(Extracted data)
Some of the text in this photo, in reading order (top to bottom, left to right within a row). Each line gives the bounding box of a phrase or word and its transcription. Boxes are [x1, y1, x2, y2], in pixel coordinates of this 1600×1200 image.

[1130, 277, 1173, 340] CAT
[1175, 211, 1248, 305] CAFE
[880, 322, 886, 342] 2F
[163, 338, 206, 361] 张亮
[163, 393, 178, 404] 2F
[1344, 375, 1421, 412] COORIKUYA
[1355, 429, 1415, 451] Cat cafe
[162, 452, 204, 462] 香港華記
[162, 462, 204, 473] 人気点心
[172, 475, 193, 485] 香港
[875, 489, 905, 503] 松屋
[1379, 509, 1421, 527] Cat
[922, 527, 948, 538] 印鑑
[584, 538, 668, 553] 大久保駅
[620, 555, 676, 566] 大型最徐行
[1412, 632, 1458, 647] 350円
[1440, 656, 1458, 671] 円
(End Extracted data)
## What needs to be done
All of the entries above need to be retyped exactly.

## Exercise response
Some of the text in this photo, in reading order (top to bottom, left to right within a row). Each line gives the bounding box of a phrase or word and its transcription. Boxes are [x1, y1, x2, y2], in pixel coordinates of this 1600×1200 image.

[1130, 277, 1173, 340] CAT
[1175, 211, 1248, 305] CAFE
[880, 322, 886, 342] 2F
[163, 338, 206, 361] 张亮
[163, 393, 178, 404] 2F
[1344, 375, 1421, 412] COORIKUYA
[1355, 429, 1415, 451] Cat cafe
[162, 452, 204, 462] 香港華記
[162, 462, 204, 473] 人気点心
[172, 475, 193, 485] 香港
[875, 489, 905, 503] 松屋
[1379, 509, 1421, 527] Cat
[922, 527, 948, 538] 印鑑
[584, 538, 668, 553] 大久保駅
[620, 555, 676, 566] 大型最徐行
[1412, 632, 1458, 647] 350円
[1440, 656, 1458, 671] 円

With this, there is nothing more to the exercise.